The problem is how the police are chosen and trained.
Anons need not reply. Questions end with a question mark.
If you, as a police officer, tell someone to stay in the car and they get out, or you tell them to get out and they stay in, don't you think that's a pretty damn clear answer? You can't fix stupid, not even with an app.
I think the idea is crazy, but I'm not against taking his money to prove him crazy.
I think it's funny when it's assumed that an app works across all cell phones and all cell networks, as well as the assumption that everyone carries a smartphone.
but those cigarettes were taxed, Eric Garner paid taxes when he bought a pack of cigarettes
Eric Garner had multiple arrests for selling untaxed cigarettes, and the cigarettes he was selling the day he was killed did not have a tax stamp, as required by NY law. It is highly unlikely he paid tax on them, and selling "loosies" is illegal in itself. NYC has very high tobacco taxes, and smuggling cigarettes from low tax states (mostly in the South) is big business for organized crime.

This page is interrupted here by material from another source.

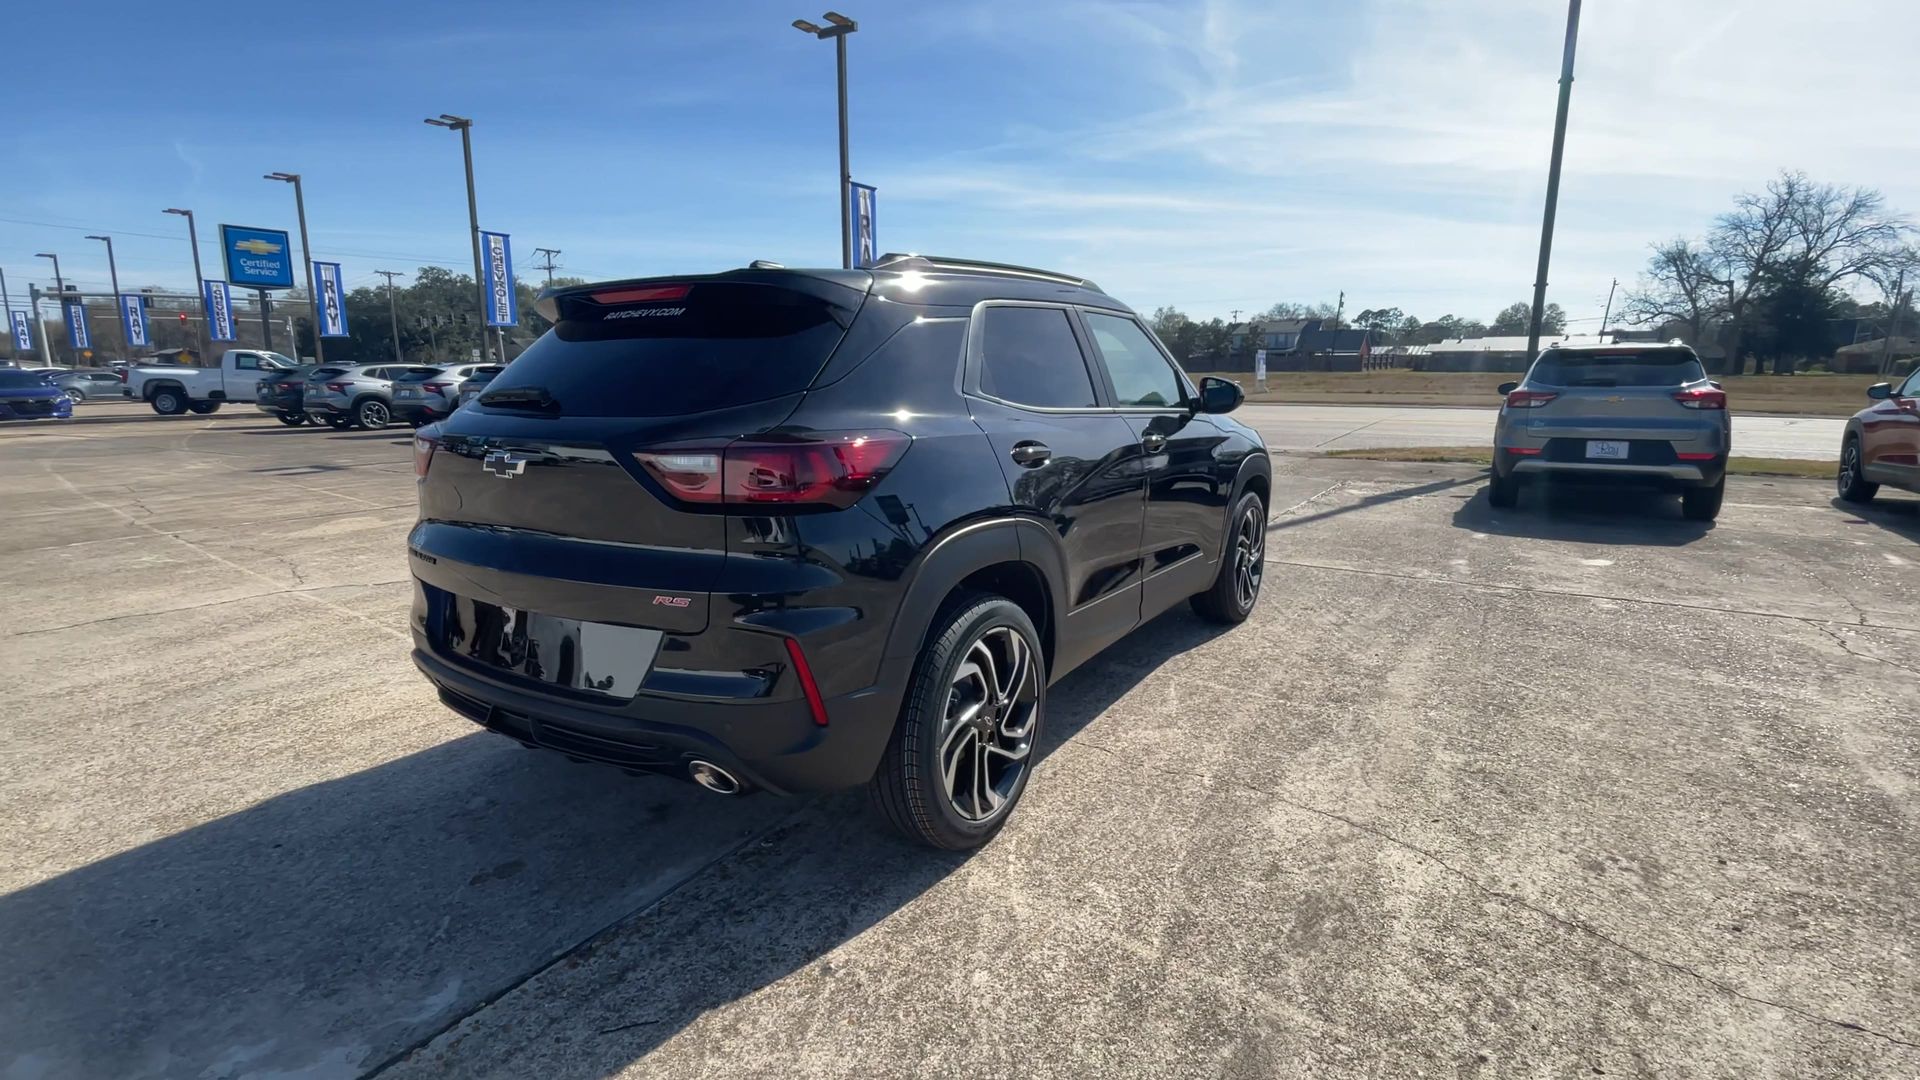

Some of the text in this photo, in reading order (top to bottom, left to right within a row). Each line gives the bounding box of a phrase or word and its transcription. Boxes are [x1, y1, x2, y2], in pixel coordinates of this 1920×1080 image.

i think the IRS should be abolished and a flat tax implemented that is fair and not too burdensome on the working class
Please define "fair". If a rich person and a poor person buy a gallon of milk, they pay exactly the same. Most people consider that "fair". But very few people would consider a flat head tax of ~$10k on every citizen to be "fair". Most people would not even consider a flat percentage of income to be "fair" (even if they could agree on a definition of "income"). Some people think government services should be paid for by the people that use them. Since poor people use police and prisons much more than rich people, should they be taxed proportionally more? Other people think it is "fair" to tax activities that incur expensive externalities, which is why we have ... cigarette taxes.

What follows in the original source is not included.